━━━━━ DATA UNDER STUDY ━━━━━
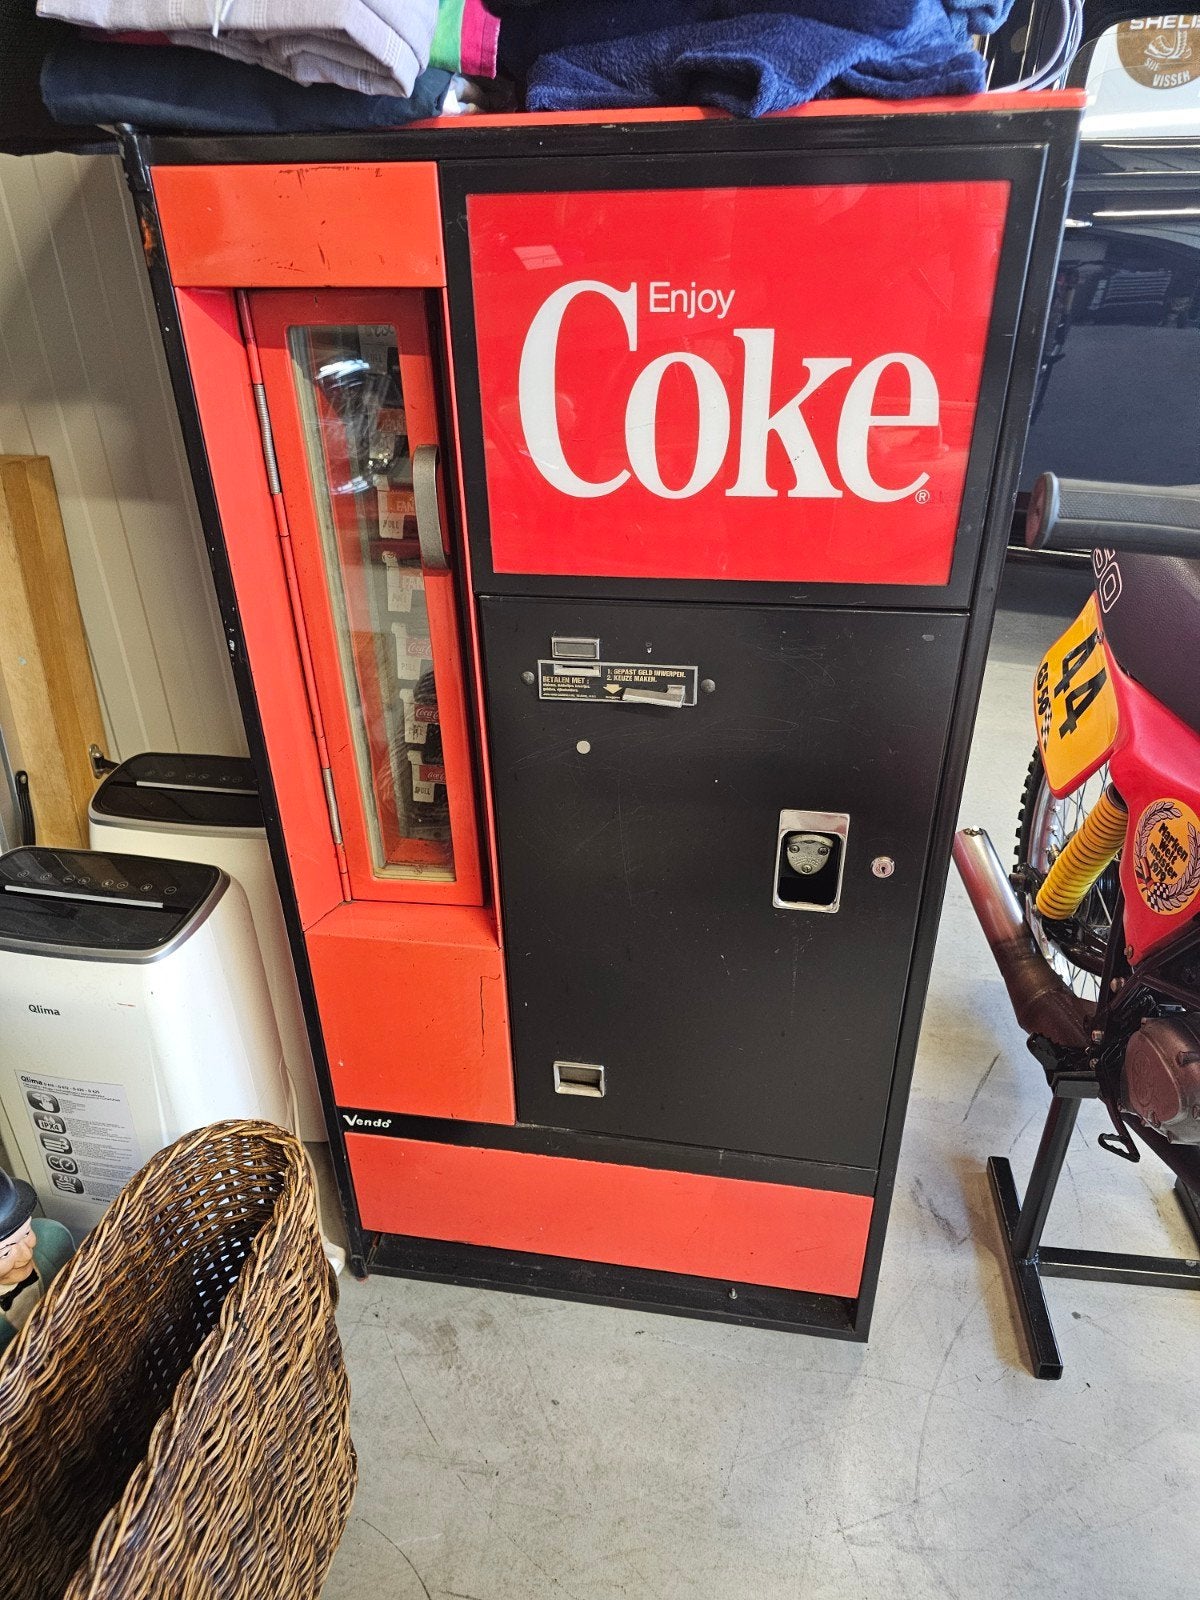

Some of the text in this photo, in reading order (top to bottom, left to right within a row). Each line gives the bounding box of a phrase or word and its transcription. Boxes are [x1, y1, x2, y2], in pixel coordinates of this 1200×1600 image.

[649, 281, 736, 319] Enjoy
[518, 279, 940, 503] Coke
[542, 675, 570, 684] BETALEN
[613, 668, 636, 676] GEPAST
[1054, 628, 1108, 740] 44
[28, 1004, 61, 1017] Qlima
[342, 1114, 391, 1129] Vendo
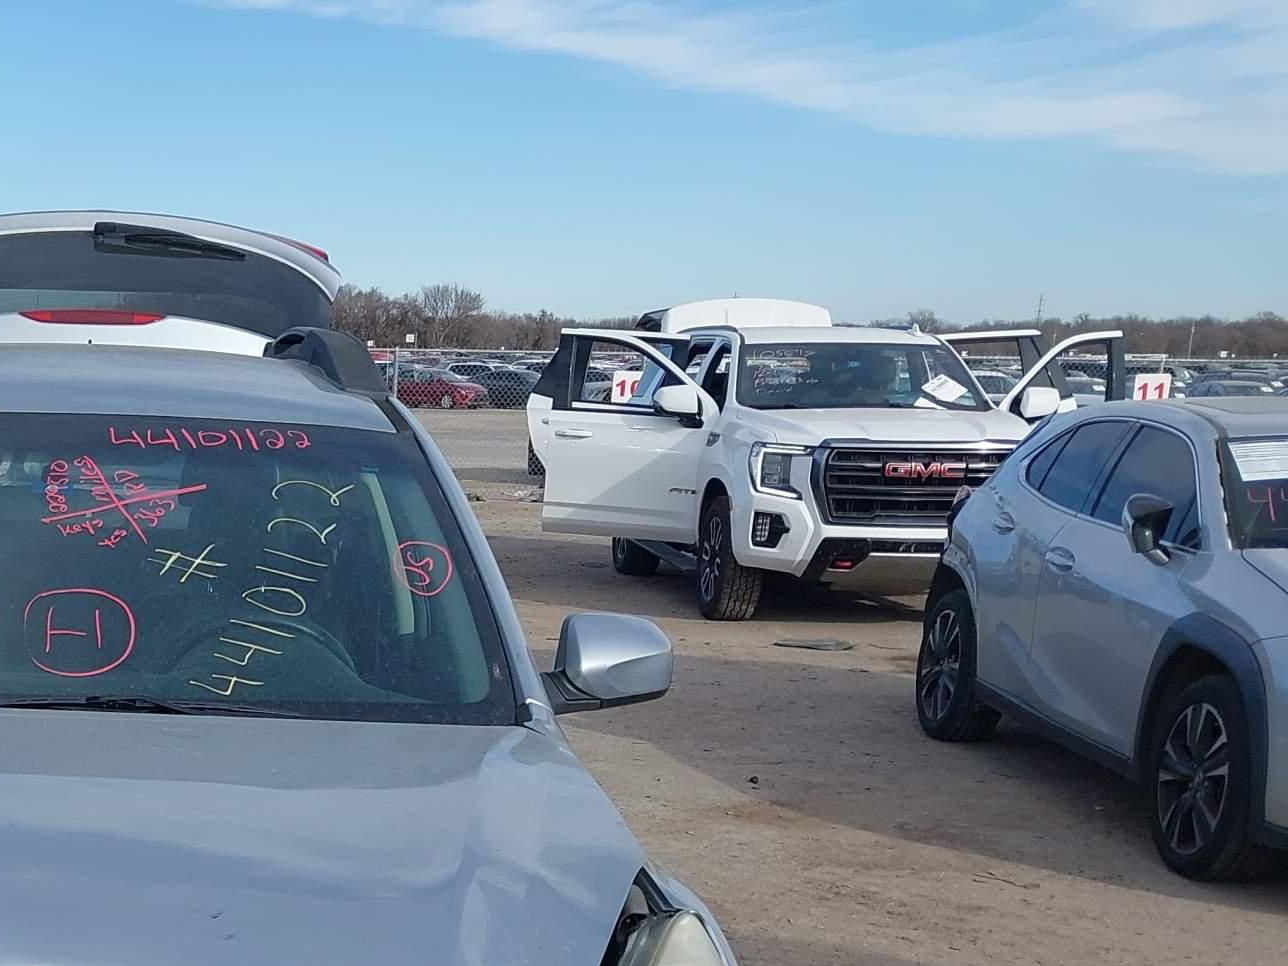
━━━━━
# WHAT IS BEING ASKED:
In your copy, every entry above must match word for word, and no picture may appear.

# WRITTEN ANSWER:
Some of the text in this photo, in reading order (top to bottom, left to right within a row). Each line gives the bounding box of a phrase or word and its transcription. Boxes are [x1, y1, x2, y2], in pixel coordinates of this 1200×1600 image.

[649, 281, 736, 319] Enjoy
[518, 279, 940, 503] Coke
[542, 675, 570, 684] BETALEN
[613, 668, 636, 676] GEPAST
[1054, 628, 1108, 740] 44
[28, 1004, 61, 1017] Qlima
[342, 1114, 391, 1129] Vendo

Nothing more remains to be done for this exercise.